• **Dataset entries**:
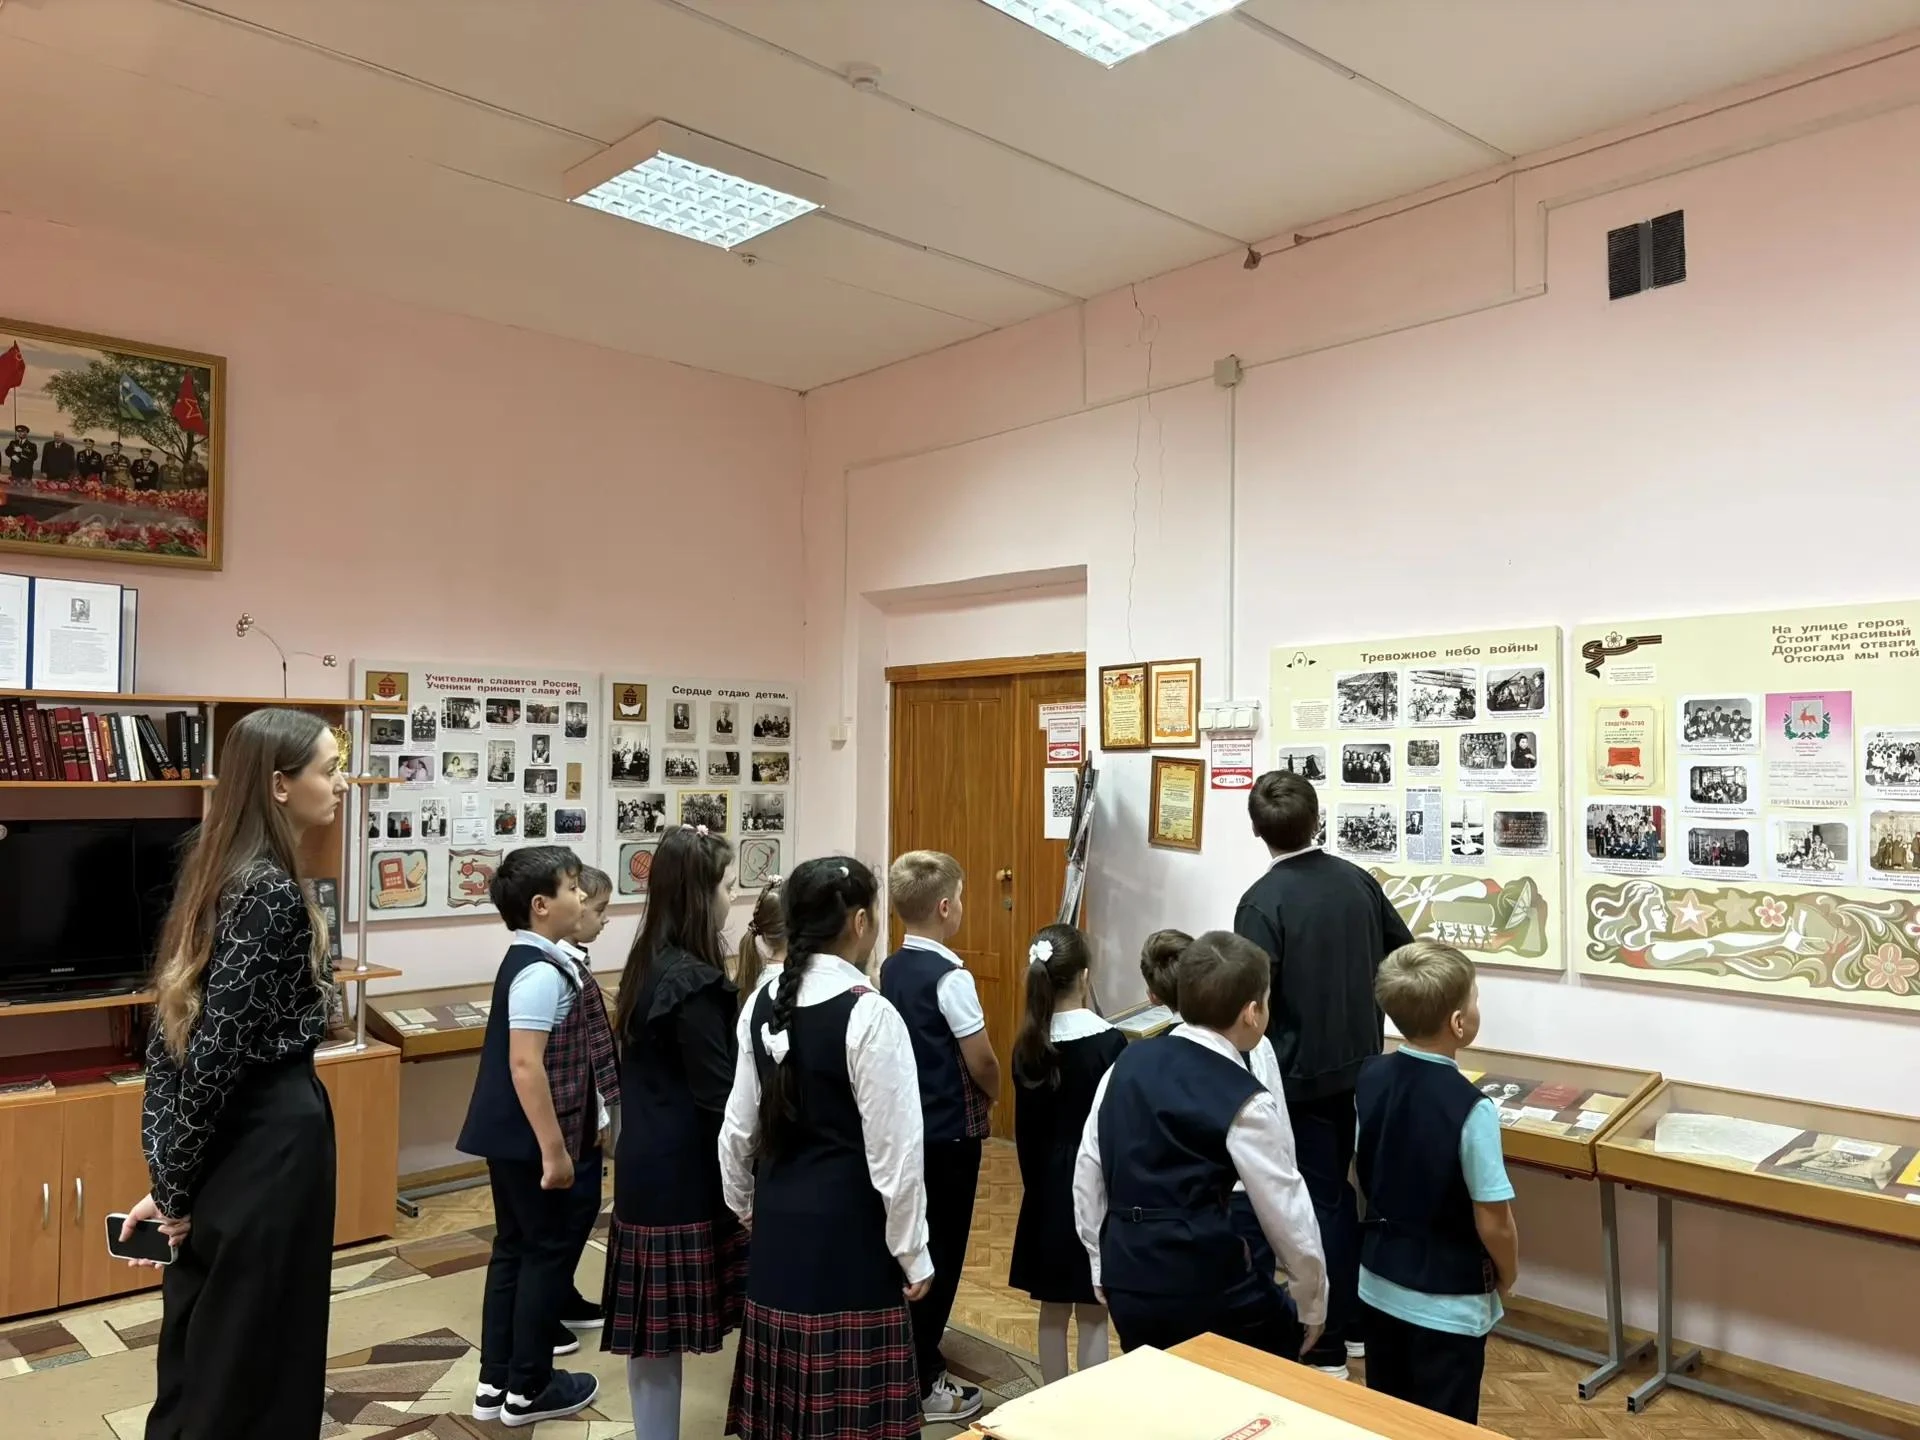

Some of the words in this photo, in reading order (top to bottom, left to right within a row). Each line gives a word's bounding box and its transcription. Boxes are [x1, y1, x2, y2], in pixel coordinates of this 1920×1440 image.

[1772, 626, 1791, 634] На
[1801, 622, 1848, 634] улице
[1858, 619, 1904, 629] героя
[1776, 634, 1822, 644] Стоит
[1831, 627, 1911, 642] красивый
[1360, 650, 1436, 664] Тревожное
[1445, 645, 1480, 656] небо
[1490, 643, 1538, 654] войны
[1772, 643, 1850, 656] Дорогами
[1860, 639, 1916, 649] отваги
[1784, 654, 1844, 664] Отсюда
[1854, 652, 1878, 660] мы
[425, 674, 483, 684] Учителями
[490, 678, 537, 686] славится
[426, 682, 471, 691] Ученики
[478, 686, 526, 694] приносят
[532, 688, 560, 696] славу
[566, 687, 581, 696] ей!
[672, 686, 712, 696] Сердце
[718, 689, 750, 698] отдаю
[756, 691, 788, 700] детям.

• **Directions**:
Would you write out each entry word for word and omit the images?

• **Reply to the task**:
Some of the words in this photo, in reading order (top to bottom, left to right within a row). Each line gives a word's bounding box and its transcription. Boxes are [x1, y1, x2, y2], in pixel coordinates of this 1920×1440 image.

[1772, 626, 1791, 634] На
[1801, 622, 1848, 634] улице
[1858, 619, 1904, 629] героя
[1776, 634, 1822, 644] Стоит
[1831, 627, 1911, 642] красивый
[1360, 650, 1436, 664] Тревожное
[1445, 645, 1480, 656] небо
[1490, 643, 1538, 654] войны
[1772, 643, 1850, 656] Дорогами
[1860, 639, 1916, 649] отваги
[1784, 654, 1844, 664] Отсюда
[1854, 652, 1878, 660] мы
[425, 674, 483, 684] Учителями
[490, 678, 537, 686] славится
[426, 682, 471, 691] Ученики
[478, 686, 526, 694] приносят
[532, 688, 560, 696] славу
[566, 687, 581, 696] ей!
[672, 686, 712, 696] Сердце
[718, 689, 750, 698] отдаю
[756, 691, 788, 700] детям.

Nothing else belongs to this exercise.